- _SOURCE MATERIAL_
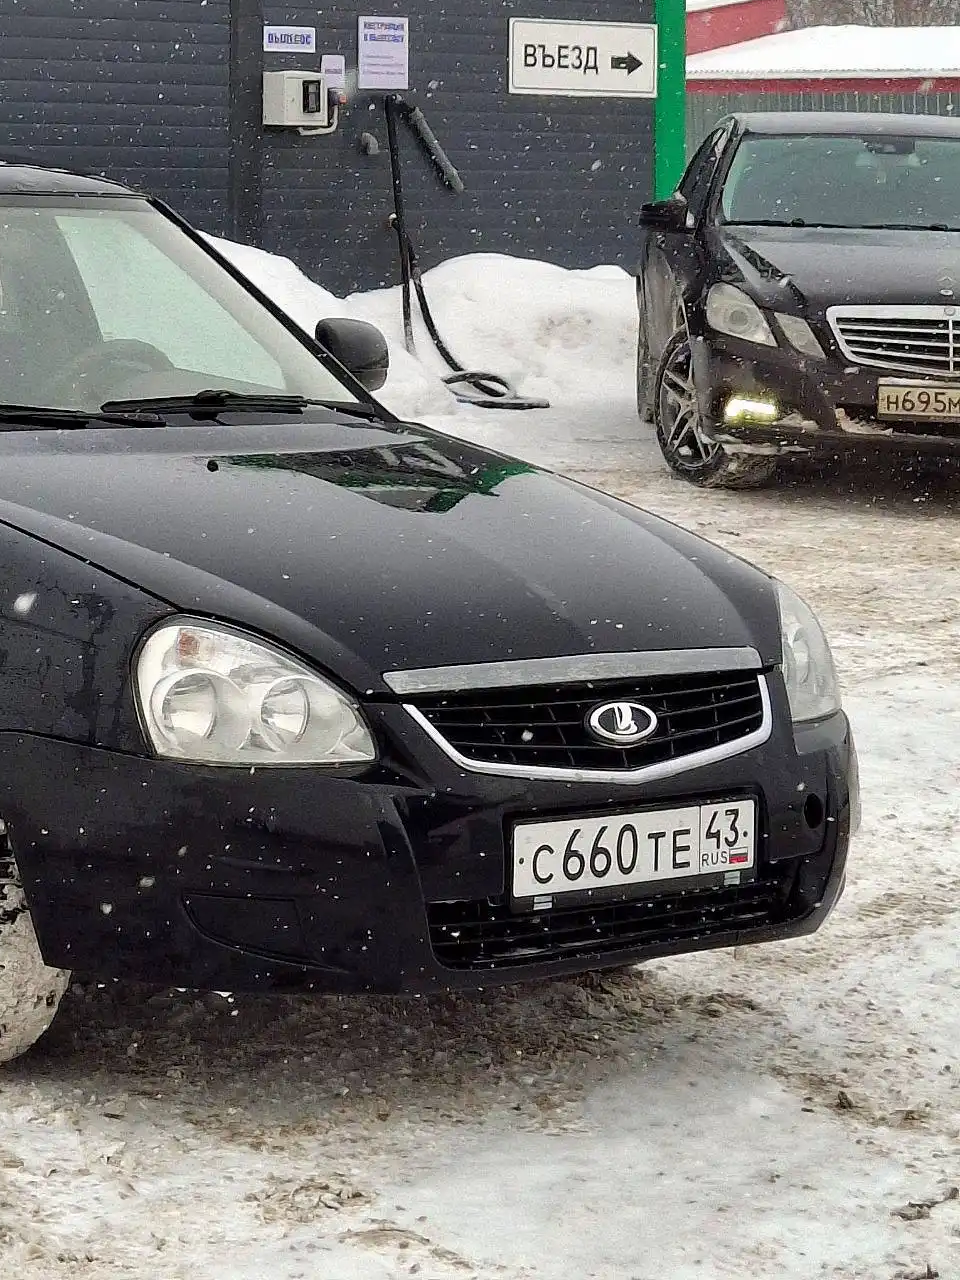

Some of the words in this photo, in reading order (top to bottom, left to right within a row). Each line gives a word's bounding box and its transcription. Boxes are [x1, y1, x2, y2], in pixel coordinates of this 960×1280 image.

[524, 43, 599, 75] ВЪЕЗД
[705, 808, 740, 849] 43
[701, 850, 728, 867] RUS
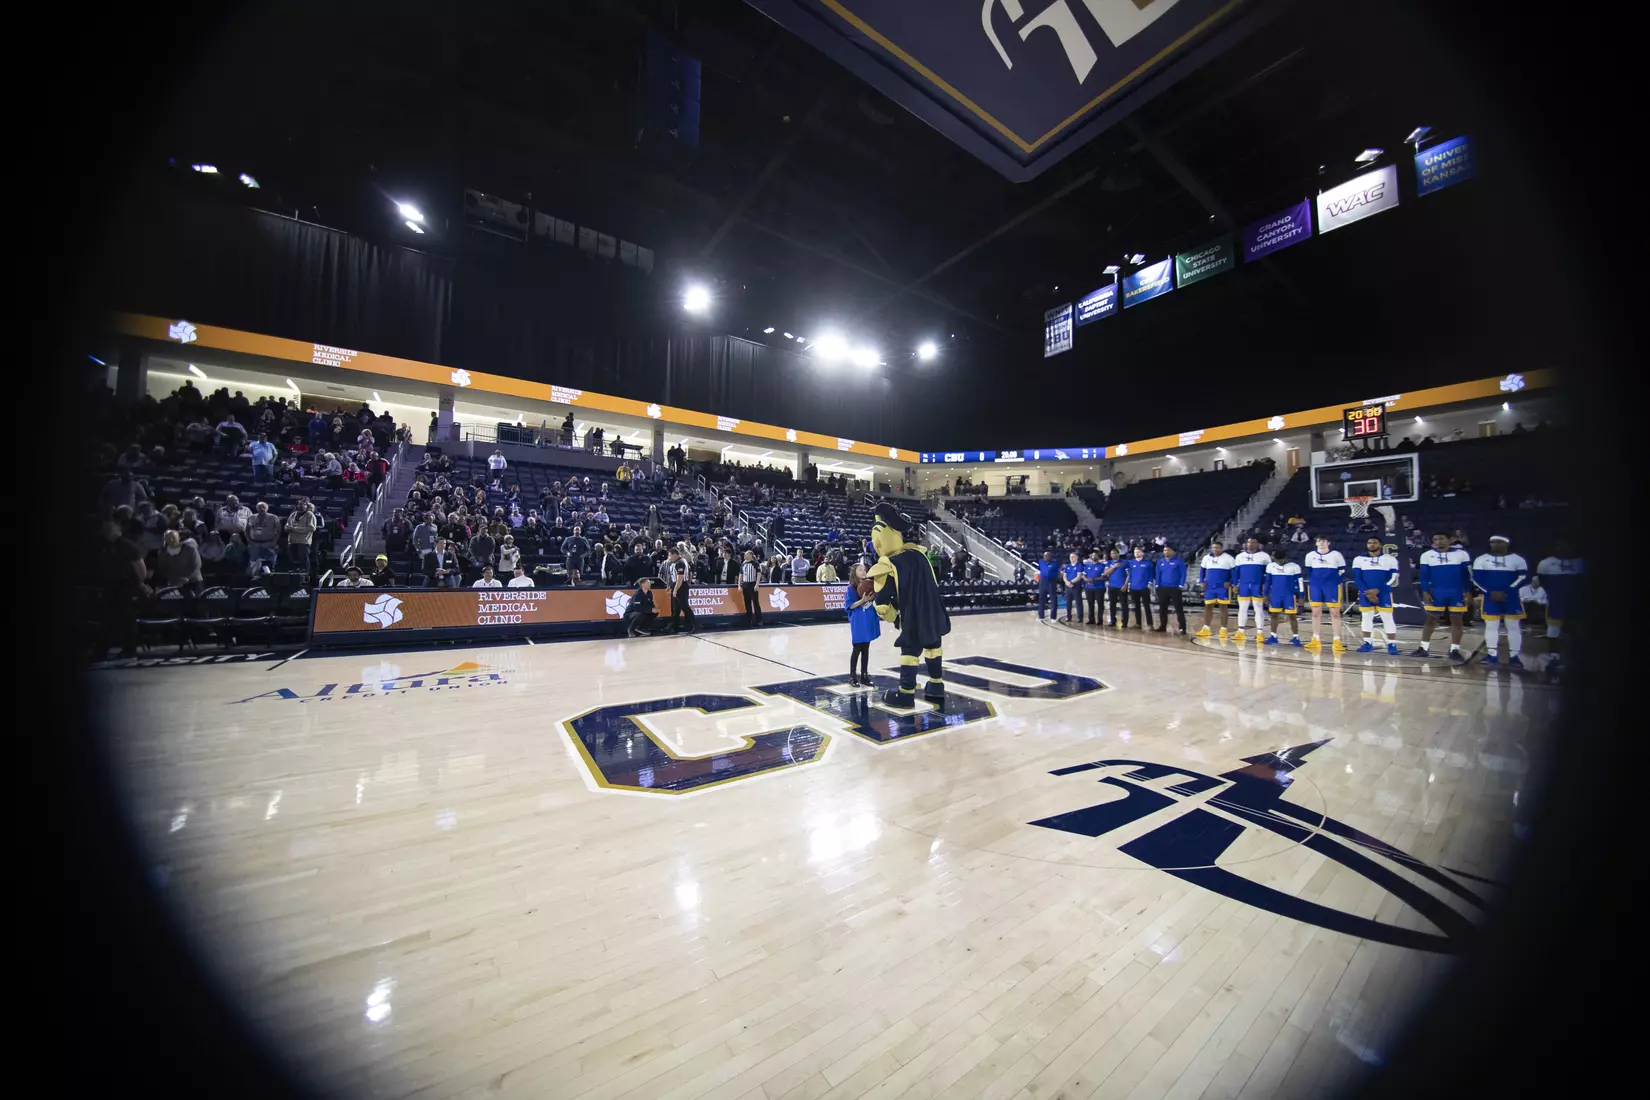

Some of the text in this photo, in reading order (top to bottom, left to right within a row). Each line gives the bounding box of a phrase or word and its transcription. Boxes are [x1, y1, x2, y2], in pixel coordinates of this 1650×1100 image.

[1421, 165, 1438, 176] OF
[1326, 182, 1385, 217] WAC
[1259, 215, 1291, 233] GRAND
[1250, 226, 1303, 252] UNIVERSITY
[1256, 222, 1295, 242] CANYON
[1185, 245, 1221, 264] CHICAGO
[1192, 254, 1215, 268] STATE
[1183, 257, 1228, 279] UNIVERSITY
[1079, 303, 1114, 320] UNIVERSITY
[313, 343, 358, 357] RIVERSIDE
[313, 350, 352, 362] MEDICAL
[312, 357, 341, 367] CLINIC
[1353, 417, 1378, 435] 30
[944, 452, 964, 462] CBU
[478, 591, 547, 601] RIVERSIDE
[688, 587, 728, 596] IVERSIDE
[822, 585, 848, 593] RIVERS
[823, 593, 846, 601] MEDIC
[478, 602, 538, 613] MEDICAL
[477, 614, 522, 625] CLINIC
[555, 654, 1117, 799] CBU
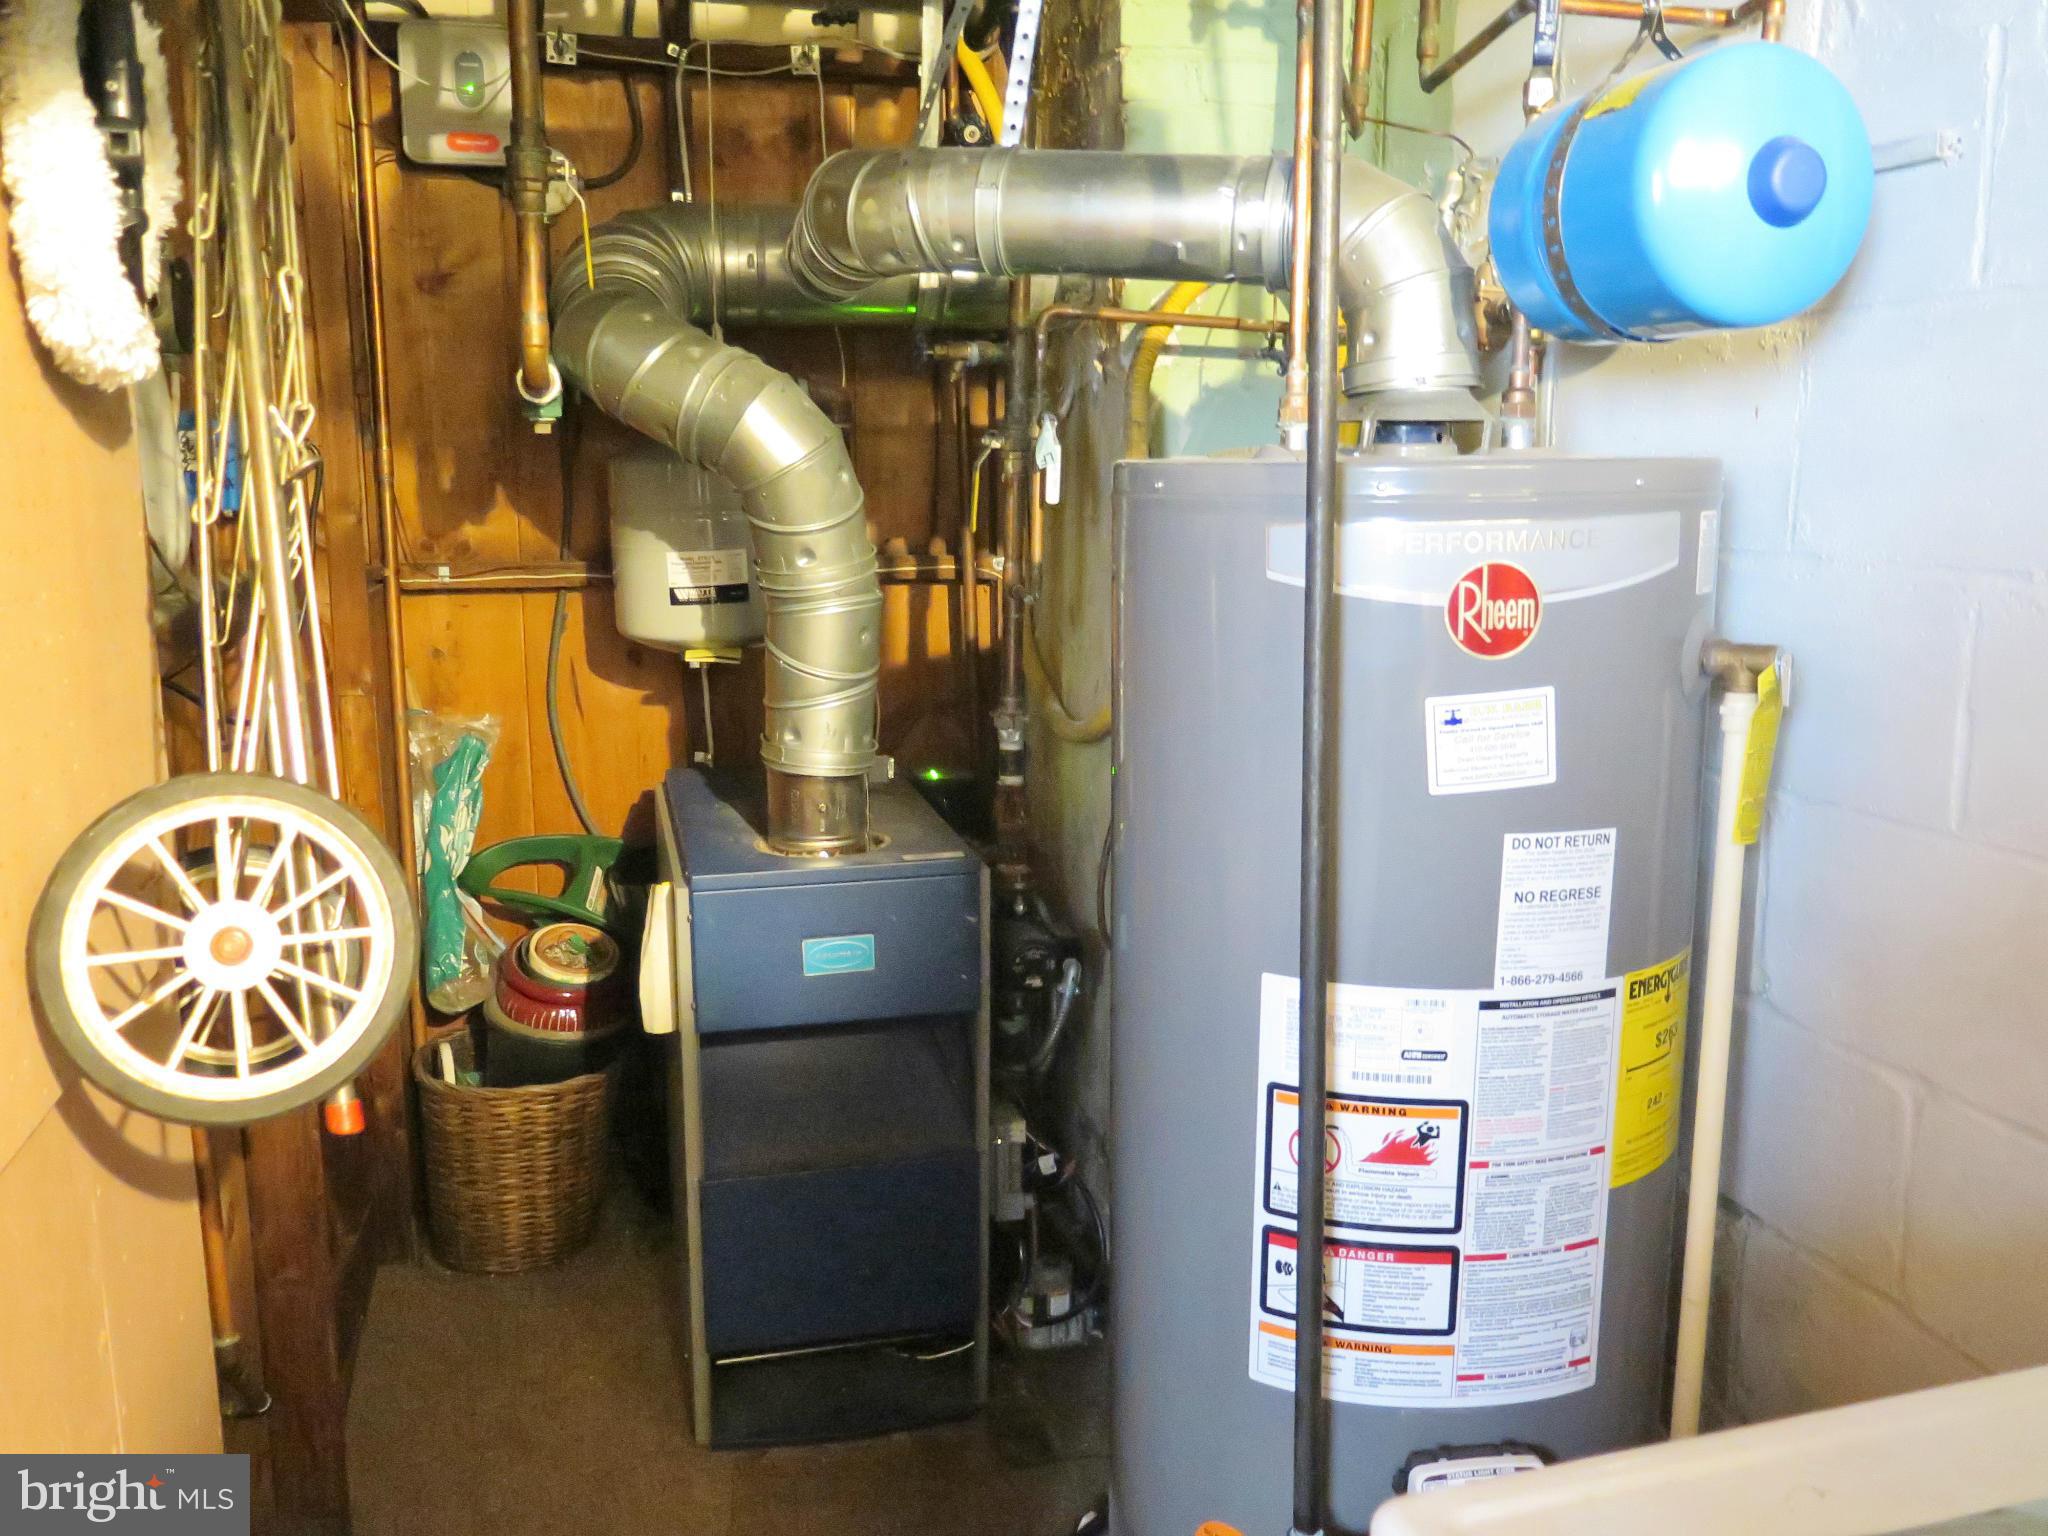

- _TASK BRIEF_
Output the data above exactly, excluding images.

- _ANSWER FOR THIS EXERCISE_
Some of the words in this photo, in reading order (top to bottom, left to right within a row). Each line gives a word's bounding box and its transcription. Boxes are [x1, y1, x2, y2], in pixel coordinates of this 960×1280 image.

[524, 43, 599, 75] ВЪЕЗД
[705, 808, 740, 849] 43
[701, 850, 728, 867] RUS

Some of the text in this photo, in reading order (top to bottom, left to right within a row). Each line gives the bounding box of a phrase or word and its transcription. Boxes are [x1, y1, x2, y2], in pixel coordinates of this 1650×1100 image.

[1421, 165, 1438, 176] OF
[1326, 182, 1385, 217] WAC
[1259, 215, 1291, 233] GRAND
[1250, 226, 1303, 252] UNIVERSITY
[1256, 222, 1295, 242] CANYON
[1185, 245, 1221, 264] CHICAGO
[1192, 254, 1215, 268] STATE
[1183, 257, 1228, 279] UNIVERSITY
[1079, 303, 1114, 320] UNIVERSITY
[313, 343, 358, 357] RIVERSIDE
[313, 350, 352, 362] MEDICAL
[312, 357, 341, 367] CLINIC
[1353, 417, 1378, 435] 30
[944, 452, 964, 462] CBU
[478, 591, 547, 601] RIVERSIDE
[688, 587, 728, 596] IVERSIDE
[822, 585, 848, 593] RIVERS
[823, 593, 846, 601] MEDIC
[478, 602, 538, 613] MEDICAL
[477, 614, 522, 625] CLINIC
[555, 654, 1117, 799] CBU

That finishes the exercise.